Sorry, it's on page 20.
The problem is figuring out whether you're getting better outcomes. Getting similar returns with lower risk is a good thing, but defining risk is a problem and consumers are often blind to risk management or even disdainful of it when things are going well. Moreover, we like and are grateful for risk management when the markets are choppy (or worse), but regret the hedge when markets take off. Perhaps worse, we generally don't even know how our investments have performed in the past and often think we did better (and are better) than is supported by reality.

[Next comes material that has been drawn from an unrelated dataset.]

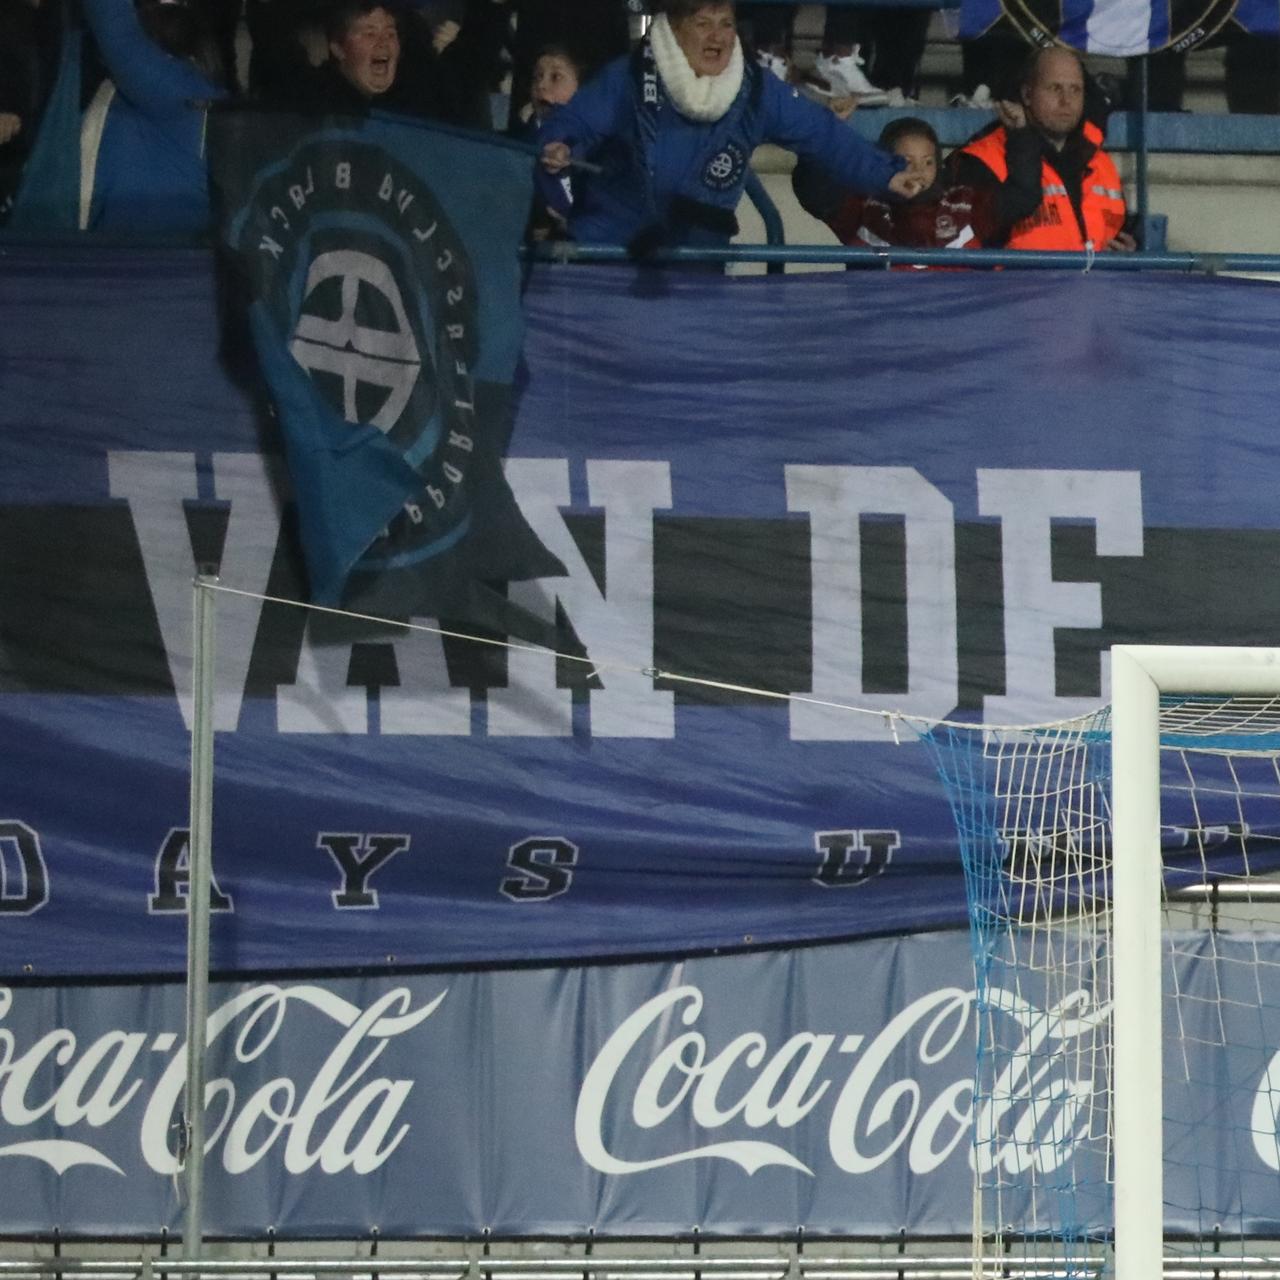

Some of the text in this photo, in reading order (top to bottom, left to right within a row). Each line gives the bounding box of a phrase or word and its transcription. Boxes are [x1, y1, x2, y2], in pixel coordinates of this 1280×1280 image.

Sure but the number you quoted as the magnitude of a 2 or 3% fee is not the fee number at all. It’s the fees plus the opportunity cost of lost returns. The millions of dollars point is entirely based on your assumption that there is no value in the advice. Assigning 0 Value to advice and then showing that advice is costly is a circular argument. If you make a different assumption on that issue, you get a very different cost number. I do agree that the interesting question is whether the advice has value and how much. Not straightforward to answer.
Yes, placing an appropriate value (plus or minus) on specific advice is difficult.

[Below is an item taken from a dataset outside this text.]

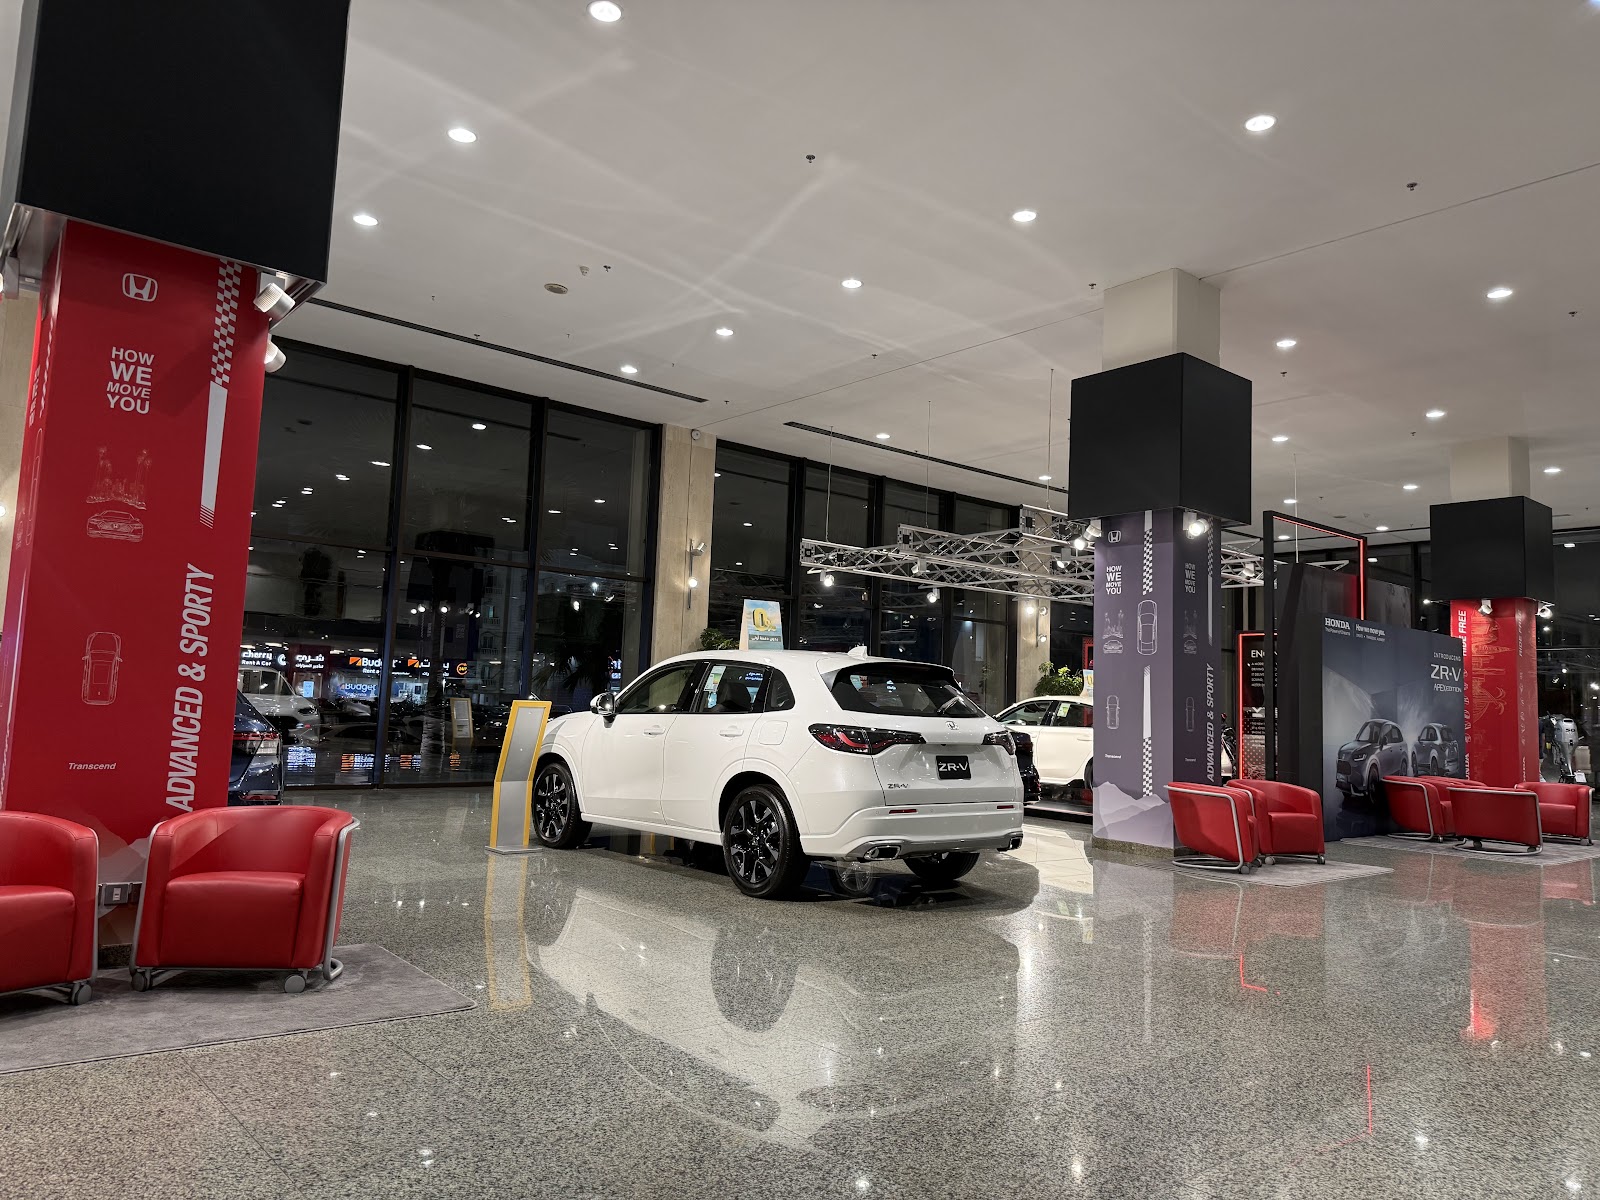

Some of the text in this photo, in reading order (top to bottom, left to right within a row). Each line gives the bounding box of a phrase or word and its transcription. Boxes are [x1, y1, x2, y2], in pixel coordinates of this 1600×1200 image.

I agree with what Mr. Buffett wrote, "Nevertheless, both individuals and institutions will constantly be urged to be active by those who profit from giving advice or effecting transactions. The resulting frictional costs can be huge and, for investors in aggregate, devoid of benefit. So ignore the chatter, keep your costs minimal, and invest in stocks as you would in a farm."
Especially when we're talking about different things (see below).
Vanguard says the potential value is huge. The Oracle of Omaha seems to be saying that few see any value. I suggest that both points of view can be correct.
If you want your advisor to pick winning stocks and sectors above all else, you will almost certainly be disappointed. Beyond a bit of help "around the edges' (e.g., factor tilting), you shouldn't expect your financial advisor to improve your nominal investment performance.
What a good advisor/financial planner can do is seek to lower your risk profile without lowering expected returns, more closely match your investment portfolio with your goals and life plan, suggest financial planning options to make your financial life more efficient and productive, and help you stick with your plan when the markets aren't being cooperative. It shouldn't be a surprise, then, that the Vanguard study I linked above (and link again here) is focused on precisely the sorts of things that can add real value for consumers and comes to the conclusion that such advice is worth (not "costs" or "should cost") roughly three percent per year.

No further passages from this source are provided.